2013/11/05

ディスカバリー12

   既に、何の役にも立たない部品達が、書棚に残されている。今度の不燃物の日には、必ず出そうと思っていても、つい「今でなくてもいい、いつでも捨てられる」と思って、そのまま棚に戻すことがある。時代を一緒にすごした品物は、なかなか捨てられない。だから、せめてその懐かしい品物の写真を撮ってから捨てようと思うのである。先輩方は、もっとそう感じることがあるに違いない。それが昭和を駆け抜けた男達の宿命なのであろう。

  以前「プランビコン撮像管の紹介時」にも書いたことがあるが、ビデオカメラに興味を持ったのは、社内で古い記事を探していた時に、たまたま見つけた「フィリップス4管式カメラのグラビア記事」だった。そこに載った写真と数行の文章を、何度も何度も読み返し「おー凄っごいな~」としみじみ心を揺さぶられたのである。その後、取材したJさんにその話をしたら、古い話(43年ほど前)なので、良く覚えていないと言いながら、そう誉めてもらって嬉しいと話してくれた。それが(36年前)きっかけである。そして、その気持ちに少しずつ油を注いでいたのが、同じ印刷所で作られていた「テレビジョン学会誌」である。それを毎月もらって読み漁り、「ほー、へー」とため息をつきながら少しづつ理解を深めていったのである。

    おおよそ静止画、動画を問わず撮像管を使ったビデオ・カメラと言うのは、搭載技術と画質との相関関係が直感的に理解できるようになるまでには、誰しも時間がかかる。一方、長年の経験のある会社の製品は、バランスに優れた画質を提供することがある。逆に、高いスペックが出ていても、新技術だけでは必ずしも思ったような「いい絵」が出るとは限らない、やはり、その違いにこそ経験に裏付けられたノウハウが存在する。
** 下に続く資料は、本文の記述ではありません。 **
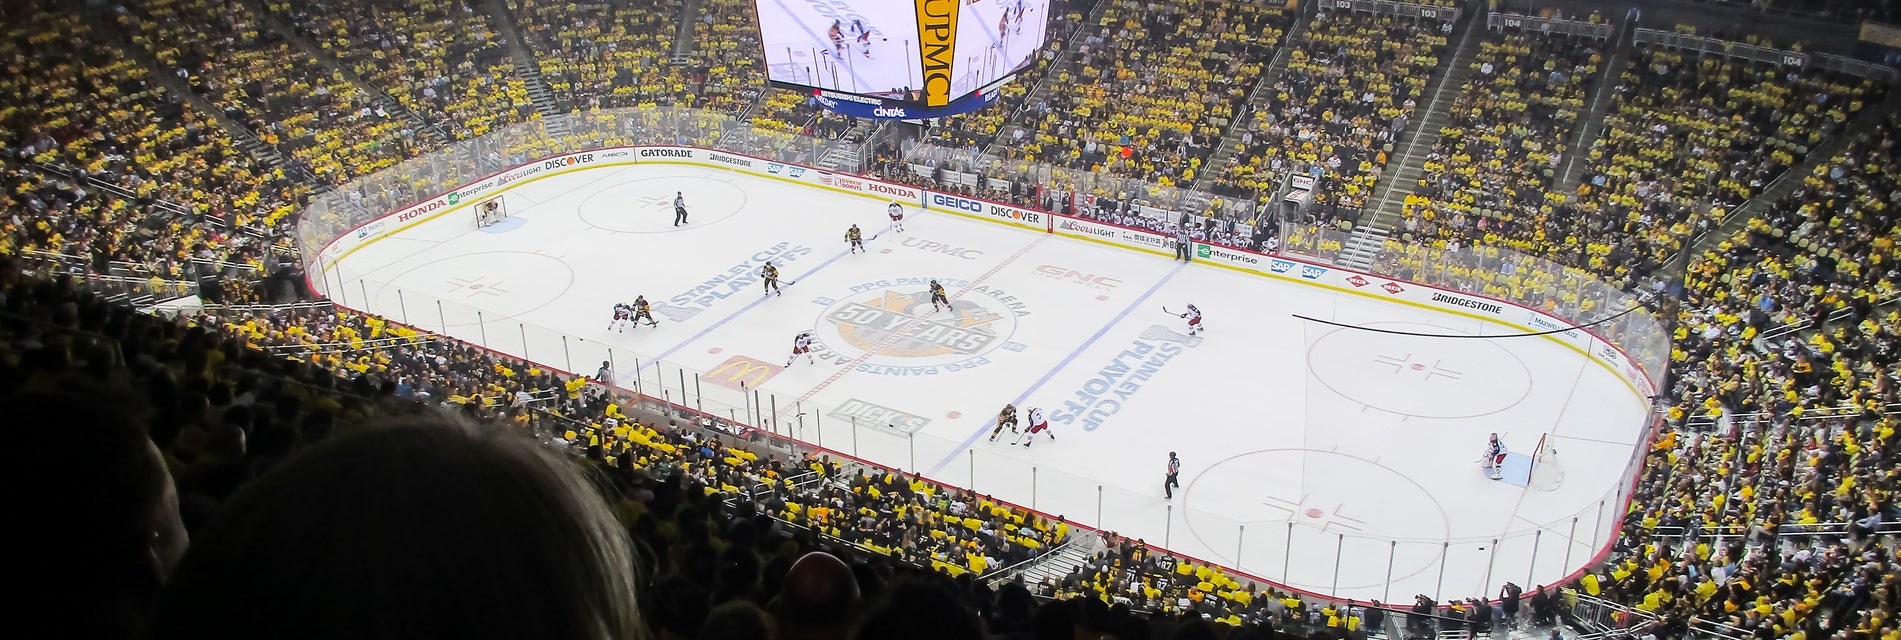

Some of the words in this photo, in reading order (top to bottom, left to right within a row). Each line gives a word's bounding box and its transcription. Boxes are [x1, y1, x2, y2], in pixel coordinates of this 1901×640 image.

[1336, 1, 1351, 9] 103
[1421, 9, 1437, 18] 103
[1504, 18, 1521, 28] 104
[924, 0, 950, 97] UPMC
[545, 153, 594, 170] DISCOVER
[640, 149, 693, 159] GATORADE
[709, 153, 752, 168] BRIDGESTONE
[523, 166, 542, 176] LIGHT
[767, 163, 782, 173] SAP
[789, 168, 803, 177] SAP
[868, 183, 917, 199] HONDA
[398, 199, 447, 223] HONDA
[933, 194, 982, 213] GEICO
[990, 205, 1040, 224] DISCOVER
[1069, 220, 1093, 234] Coors
[1093, 227, 1116, 238] LIGHT
[901, 237, 984, 260] UPMC
[1199, 246, 1258, 265] enterprise
[670, 260, 753, 306] STANLEY
[752, 241, 789, 263] CUP
[1271, 260, 1290, 272] SAP
[1303, 266, 1322, 278] SAP
[849, 279, 891, 293] PPG
[977, 285, 1032, 318] ARENA
[1431, 292, 1503, 315] BRIDGESTONE
[834, 304, 883, 325] 50
[885, 317, 988, 351] YEARS
[855, 362, 939, 376] PAINTS
[945, 356, 991, 372] PPG
[1113, 342, 1182, 401] STANLEY
[1050, 340, 1156, 426] PLAYOFFS
[1081, 398, 1121, 432] CUP
撮影者も含めて、一般視聴者の多くはテレビの放送を漠然と見ていて、テレビと言うものはそういうものだと認識している。つまり、放送局で使われている標準スタジオ、ハンディー等、いずれのビデオカメラの画質をよく知っているのである。だからそれを下回る絵にしかならなければ、大いに不満が残ることになる。当時、業務用のビデオカメラを使うブライダル・プロダクションあるいは地方プロダクションでは、優れた画像を求める機運が高まっていて、それに適うビデオカメラを各社競って発売しようとする時期だった。その流行に肖かり、それらの画質を比較検討してもらうための紙面づくりに奮闘した思い出がある。この撮像管を観ながら、そんなことを思い出すことがある。
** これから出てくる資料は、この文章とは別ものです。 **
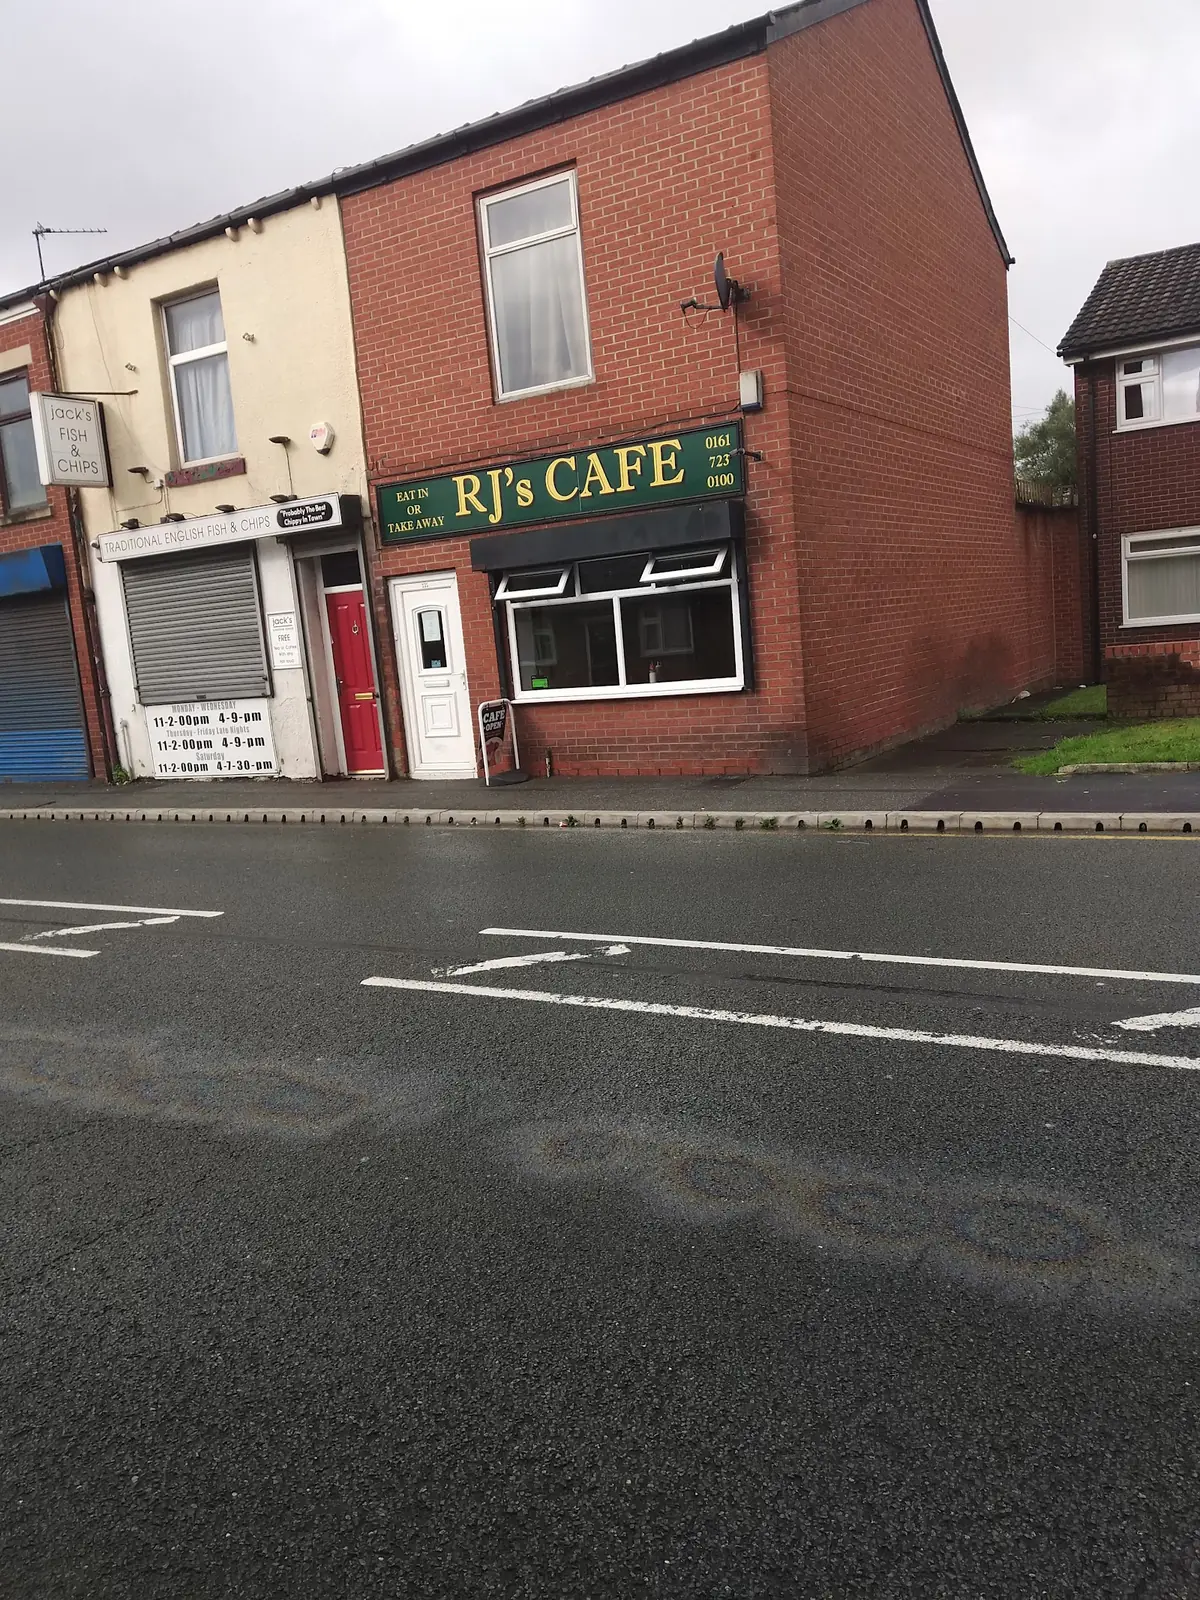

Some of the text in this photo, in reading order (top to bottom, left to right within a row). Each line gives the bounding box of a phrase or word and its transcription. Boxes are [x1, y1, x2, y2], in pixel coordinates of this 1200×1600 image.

     それは、画面に現れる現象を、そのまま紙面で伝える、これがテーマだった。もっとも、波形で示せるような、1.振幅変調度、2.ガンマ特性、3.カラーベクトルなどは、パターン・ボックスに刺した透過型チャートを撮像し、そのまま波形モニターの管面を撮影すればよい。また、残像、ハイライト焼付けの違いは、ウインドウボックス撮像後、レンズにキャップをして僅かな出力を時間経過を追って多重露光してその違いを示した。また、サーキュラーゾーンプレートの撮像画面やスメア画像、ITE(カラーの楔)やレトマのパターン(白黒の楔)は、シバソク放送局用モニターCMM20-11(HR CRT 仕様)の画面を撮影した。その画面撮影には、6x6のボディーに4x5のレンズを装着し、垂直同期信号に合わせてレンズ・シャッターを駆動する回路を取り付けてシャッターのスタートのタイミングを統一して撮影した。この撮影技術を確立したことで、短い時間で発生するビートやモアレを正確に撮影でき、画面での比較が鮮明になった。もちろん、それを色分解したり忠実に印刷するために、印刷エンジニアにも細かい指示をした事は言うまでもない。このあたりは、テレビジョン学会誌はもとより、他誌で同様の撮影に成功している例を見ることはなかった。そして、それが MOVEment が好感された要素の1つだと思う。

  そういう時代に存在感を顕にし、業務用ビデオカメラ業界を牽引したのが「サチコン3管式ビデオカメラ DXC-M3」である。当時、業務用3管式ビデオカメラの主流がSMサチコンであったにも関わらず、MSサチコンを使い図形ひずみの低減や周辺解像力を改善した、画期的な仕様だったこともあって、多くのカメラマンから注目を浴びた。しかし、逆に「初期のサチコン膜」ありがちな残像という課題が残っていて、それが誌面上のデータでも他のカメラとの差となって現れた。上の写真は、そのMF(ミックスフィールド型=ソニーの呼び名)サチコン管S-2332である。偏向コイルが無い分コンパクトと言える(全長70mm)。
https://onedrive.live.com/view.aspx?cid=CFBF77DB9040165A&resid=CFBF77DB9040165A%211393&app=WordPdf

補足1:シバソク放送用マスターモニターCMM20-11は、IQ復調回路搭載である。特注のHR CRTによって中心650TV本、周辺600TV本の仕様。
補足2:撮影用6x6カメラ→ローライフレックスSL66SE こちらはフォーカルプレーン・シャッターだが、撮影レンズ→カールツアイス大判用135mmレンズは、レンズシャッターを装備している。これを光学的に連結するアダプタを専業メーカーに作ってもらって使用した。
補足3:ビームの収束・偏向方式の略称 SM→静電収束・電磁偏向、MS→電磁収束・静電偏向を指す。
補足4:ディスカバリーのPDFに使用している昔の製品写真は、4x5のフイルムをフイルム・スキャンしてそのまま使用している。